Gandhi contended that the earth has enough resources to provide
for human need, but not human greed. He held, therefore, that
every man, woman and child would eat adequately, clothe and shelter
themselves comfortably, if there were a greater sharing of wealth
in all parts of the world. Spurning equally the insatiable acquisitiveness
of capitalism and the mechanistic materialism of communism, Gandhi
condemned the very basis of modern civilization. In his notion
of authentic civility, a sense of spiritual and social obligation
is fused with a spontaneous sense of natural reciprocity. He further
upheld the belief, steadily undermined since the eighteenth century,
that social institutions and political actions are by no means
exempt from ethics. For social institutions are, he felt, the
visible expression of moral values that mould the minds of individuals.
It is therefore impossible to alter institutions without first
affecting those values. Since modern civilization is one complex
tissue of intertwined evils, no plan of partial and gradual reform
from within the system can produce a lasting remedy. Gandhi sought
to destroy systems, not persons; but he argued that the 'soulless
system' had to be destroyed without its reformers themselves becoming
soulless.
Holding that one should repudiate wrongs without reviling wrongdoers,
Gandhi could not bring himself to condemn the British for their
mistakes and even their misdeeds in India. They too, he felt,
were the hapless victims of a commercial civilization. The theme
of Hind Swaraj was not just the moral inadequacy and extravagant
pretensions of modern civilization, but its treacherously deceptive
self-destructiveness. "This civilization is irreligion",
he concluded, "and it has taken such a hold on the people
of Europe that those who are in it appear to be half
mad."3
Yet, he added, "it is not the British that are
responsible for the misfortunes of India but we who have succumbed
to modern civilization."4 For Gandhi, the villain is hypocritical materialism,
the judge is he who frees himself from the collective hallucination,
and the executioner is the Moral Law (Karma) which inexorably
readjusts equilibrium throughout the cosmos.5
Gandhi did not preserve his feeling for common humanity by remaining
conveniently apart from it. He knew poverty and squalor at first
hand; he knew too the desperate violence found in those who have
lived on the edge of starvation. Yet he could still extol the
Indian peasant with ringing authority:
The moment you talk to them and they begin to speak, you will
find that wisdom drops from their lips. Behind the crude exterior
you will find a deep reservoir of spirituality.... In the case
of the Indian villager an age-old culture is hidden under an encrustment
of crudeness. Take away the encrustation, remove his chronic poverty
and his illiteracy and you have the finest specimen of what a
cultured, cultivated, free citizen should be.6
Gandhi's longing to transform contemporary civilization was mirrored
in his political thought and action. No more than civilization
is politics an end in itself. Gandhi invoked Indian tradition
in rejecting the modern dichotomy between religion and politics,
but he went much further than most classical Indian thinkers in
dispensing entirely with notions of raison d'etat and in
hoping to counter the propensity of politics to become corrupt.
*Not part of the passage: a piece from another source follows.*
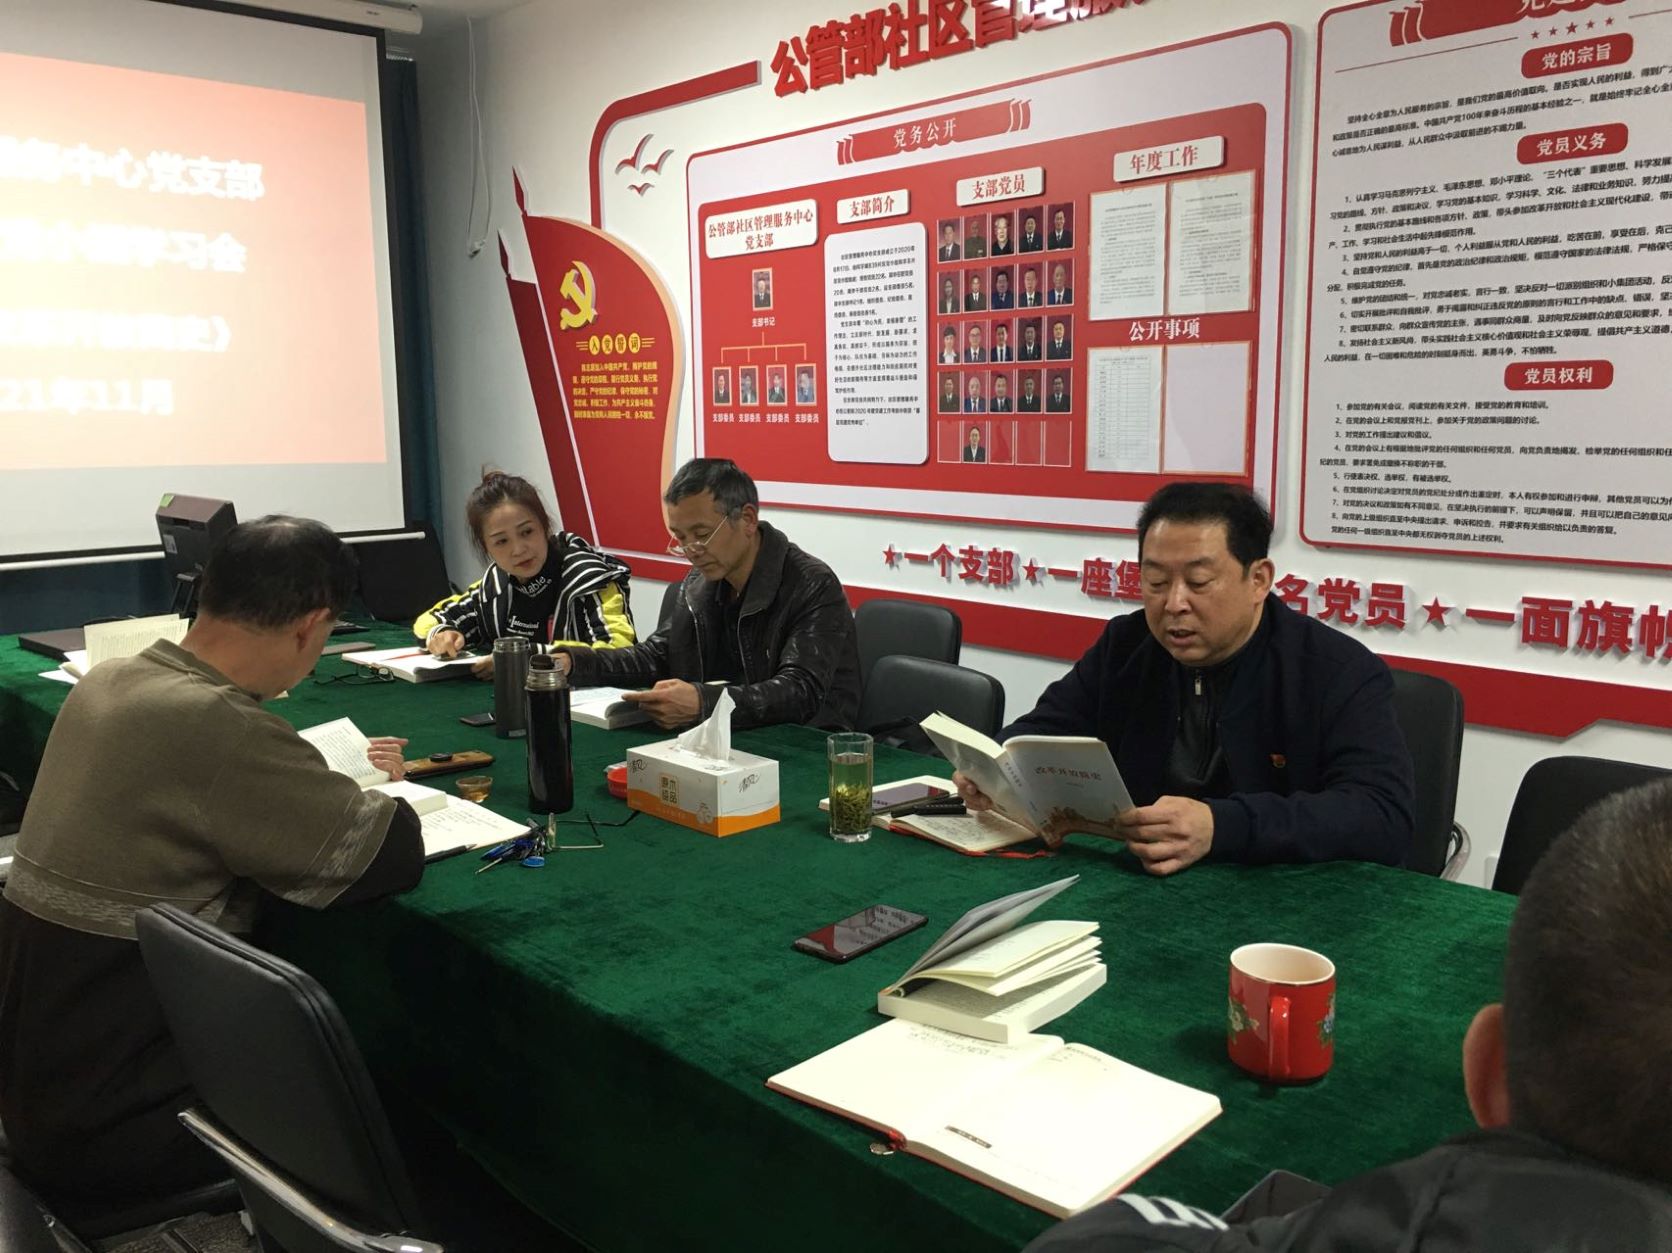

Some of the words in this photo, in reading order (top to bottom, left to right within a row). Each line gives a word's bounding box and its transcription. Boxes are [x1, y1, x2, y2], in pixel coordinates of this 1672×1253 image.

Even if all wished to shed their pretensions and nurture the 'enlightened
anarchy' of an ideal world community, politics would be necessary
since human beings differ in their perspectives, needs and desires.
Accepting, then, that politics cannot simply be abolished, Gandhi
sought to purify politics by showing that its sovereign principle
is neither coercive nor manipulative power, but moral and social
progress.
Gandhi rejected collectivist theories of both State and society.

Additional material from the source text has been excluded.